Friday, 8 April 2011

The Power of Three - 21st Installment



Yes, it's THAT time of the week again. It's Friday morning and it's coffee time, but don't settle down. With luck you'll soon be writhing uncomfortably as this latest trio of offerings resurrects memories you'd thought thankfully buried.

Again, this threesome was chosen entirely at random. There are no conscious connections between these choices - please don't try to tell me that there's some kind of 'girl power' thing going on here, because there honestly isn't. Not deliberately, anyway. The only real link between these three is that they are all very fine horror stories indeed and occupy prominent positions among my personal list of 'the best ever'.



Madelein by Roger Johnson

An author’s secretary makes a research trip to the Eastern Europe on a quest for the truth about ‘Bloody Countess’ Elizabeth Bathory. Friends at home only learn about her progress through regular letters, though these become increasingly bizarre and scary.
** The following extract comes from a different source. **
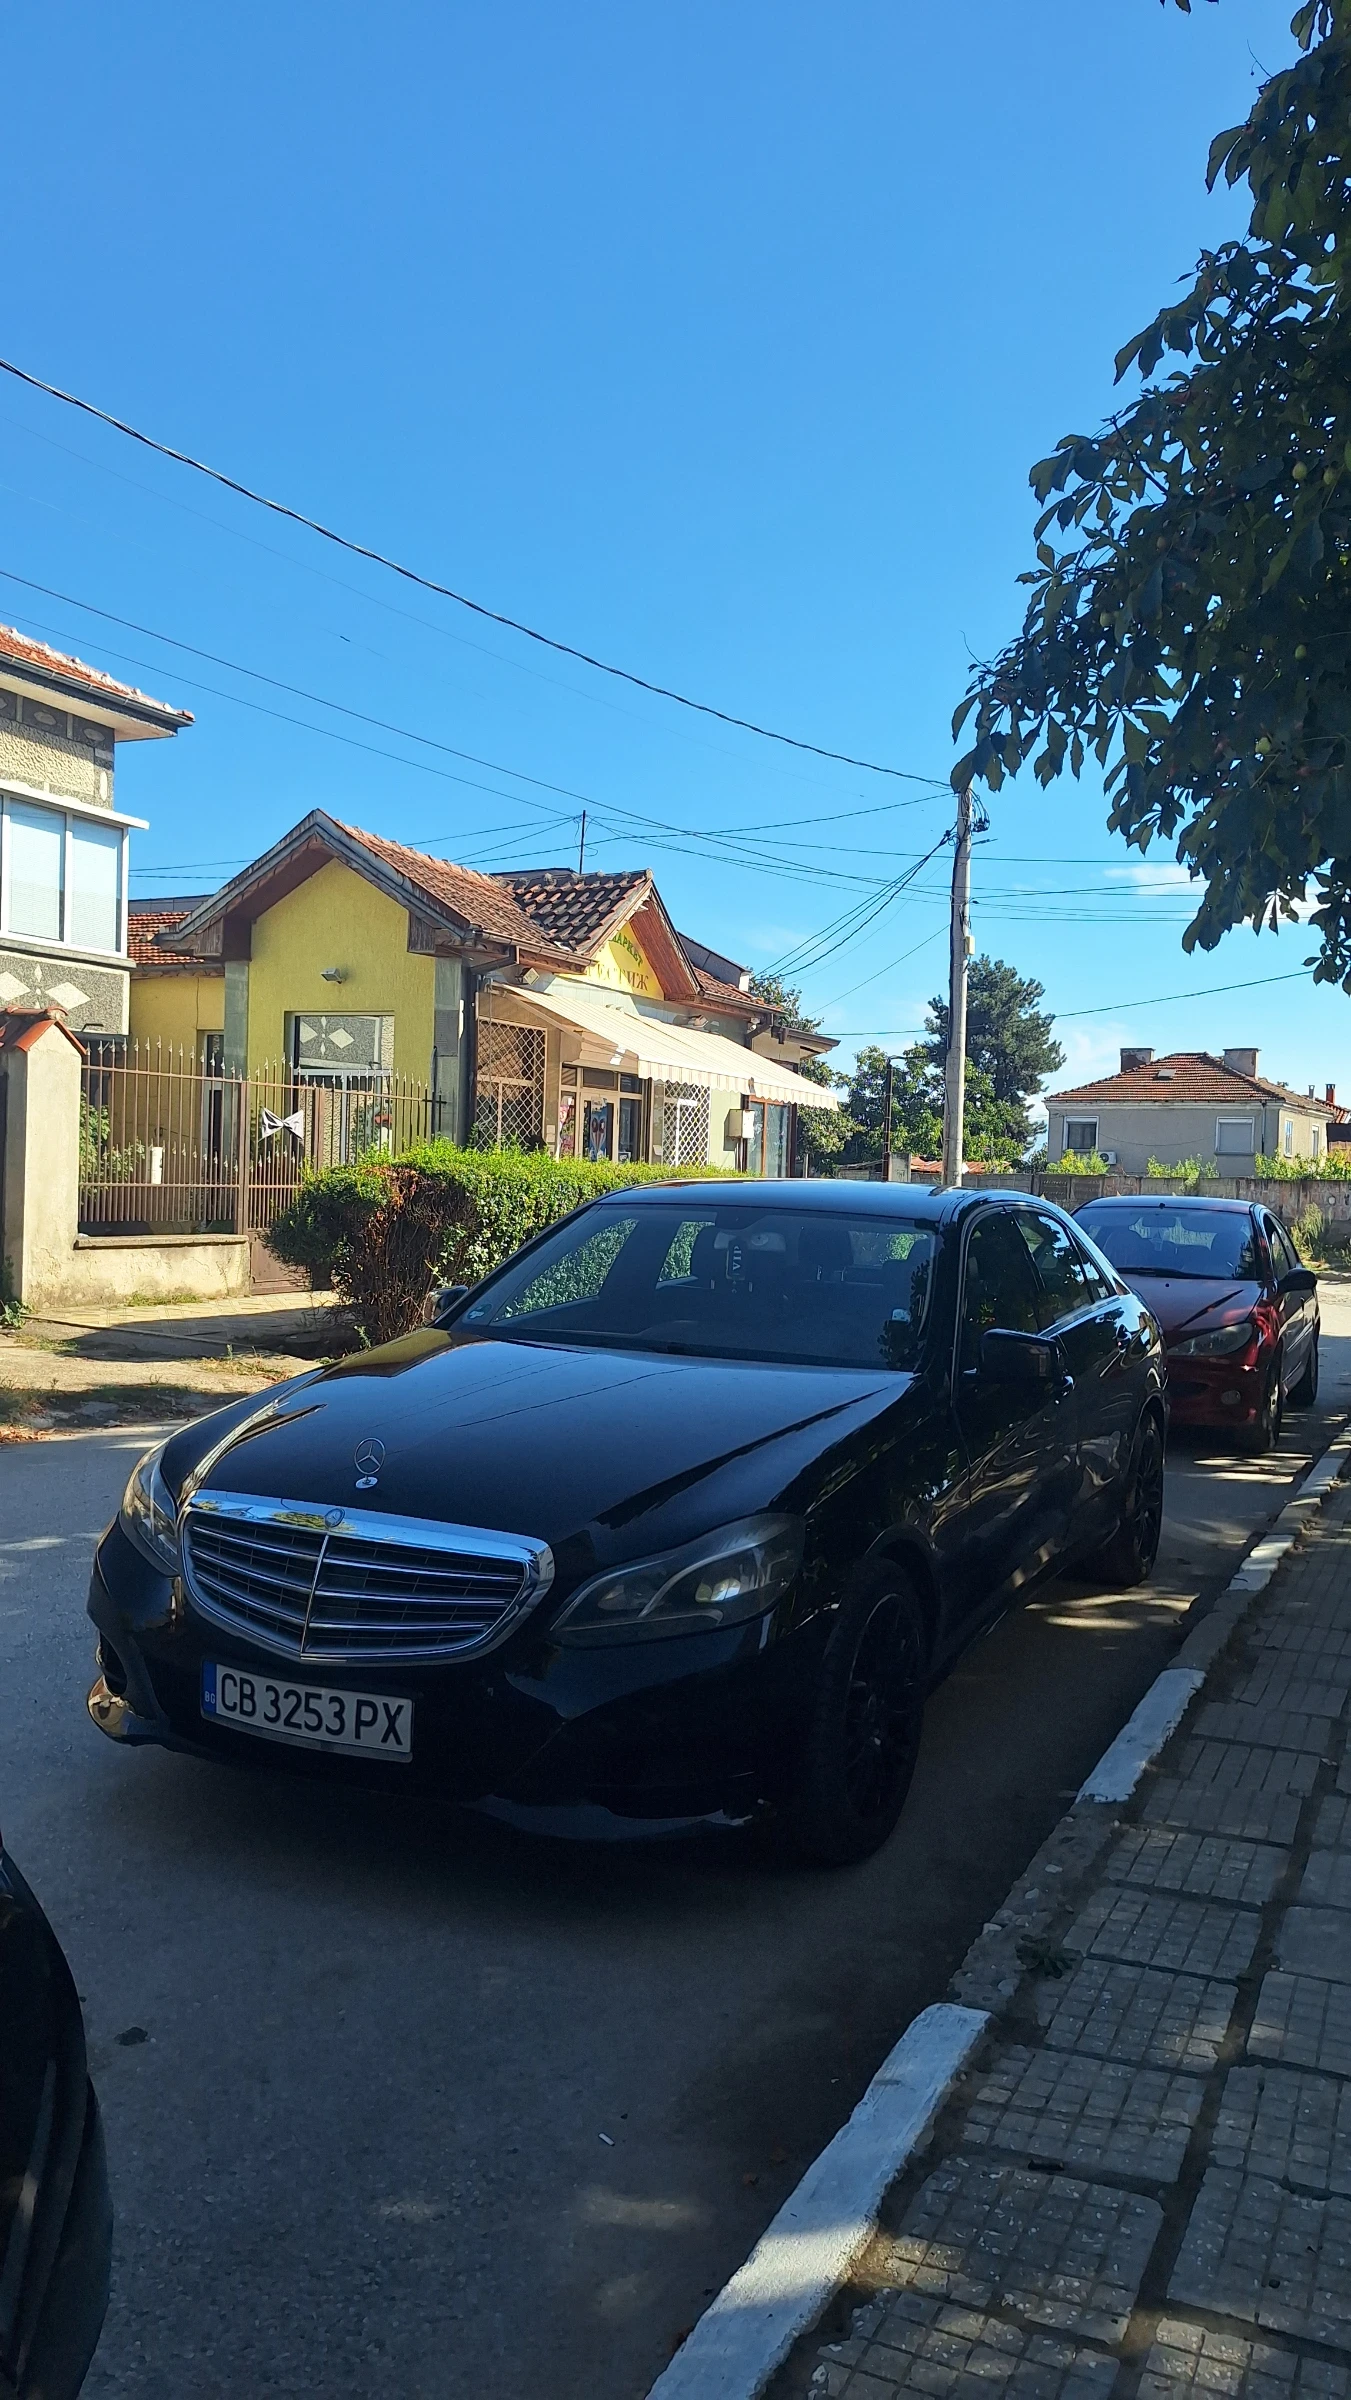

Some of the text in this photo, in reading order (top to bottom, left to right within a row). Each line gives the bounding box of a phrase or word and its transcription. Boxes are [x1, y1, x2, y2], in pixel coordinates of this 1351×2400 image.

[732, 1245, 742, 1271] VIP
[205, 1690, 216, 1705] BG
[221, 1673, 404, 1746] CB 3253 PX
You wouldn’t have thought it difficult to weave an atmosphere of menace around the true tale of Elizabeth Bathory, who tortured and murdered over 600 young women and bathed in their blood. Yet numerous authors have tried with mixed results. However, Roger Johnson here uses the grim reality of ‘Countess Dracula’ as the backdrop for a very special story indeed. The trick is that, rather than making it purely an essay in gore, he delves deeply into the mysterious. His ill-fated heroine, Valerie, is a dreamer from the start, an idealistic lesbian who has never found true love in England. However, once she’s left the orderly, buttoned up society of pre-war London, the real world quickly seems to fall away from her. Her letters, the device through which Johnson allows us to monitor her progress, are a touch of genius, keeping us guessing every inch of the way, but constantly hinting that Valerie – increasingly starry-eyed, we imagine – is falling in with the wrong crowd and getting ever deeper into truly terrible danger. The final turn of this supernatural screw is as ghastly as they come.

First published in THE GIANT BOOK OF GHOST STORIES, 1991.


Spring-Fingered Jack by Susan Casper

A businessman makes nightly visits to a tawdry arcade, where he plays the ‘Jack the Ripper’ game but constantly fails to kill enough prostitutes or mutilate them in the correct fashion within the time allowed. Frustrated, he decides that only practise will make perfect.

You have a bad feeling where this one is going to lead right from the start, but that doesn’t make it any the less a horribly perceptive comment on the low forms of entertainment that folk will sometimes seek – maybe even folk like us, who read gruesome stories – and the potential this has for creating even more mindless carnage in our society. The interesting thing is that this story was written way back in 1983, long before almost every teenage boy in the western world had developed an unhealthy obsession with the screen in the corner of his bedroom, where fantasy lifestyles filled with limitless amounts of violence and profanity, and of course lacking any consequences, moral or otherwise, could be lived out as if they were actually real. In that respect, Ripper expert Susan Casper was making a very eerie prediction. The worrying irony is, she thought that she was writing a horror story about an improbable game that no-one would ever be irresponsible enough to invent, let alone play – she probably had no idea that all of this, and worse, would soon come true.

First published in FEARS (pictured), 1983.


Grauer Hans by Helen Grant

In a rural town in western Germany, a little girl is troubled by the regular appearance of a mythical night-goblin at her bedroom window. Is he real or is he a dream? The terror only ends when she moves to Britain. However, in later life, when she has her own daughter to look after, she moves back to the same old house.

This is a simple tale, but it is nonetheless evocative and chilling. In essence it concerns the relationship between an innocent child and a character from fairy tale, who, as the child grows older and more angst-written, slowly transforms into something malevolent. There is a masterly progression of thought in this piece. When we’re very young, we feel perfectly safe in the bosom of our family. The horrors of the real world, even though they may only just be outside our bedroom window, are no threat to us. But when we become parents ourselves it’s a different ballgame. We try to keep unpleasant reality from our young, but it often takes everything we’ve got, and if we fail the cost may be catastrophic. But there are other potent forces at work here: hints of vampires, not to mention the Brothers Grimm and their fables, which deep down were also grim metaphors for real life. Further proof, if it were needed, that dark truths and even darker fears live on in the guise of fairy tales.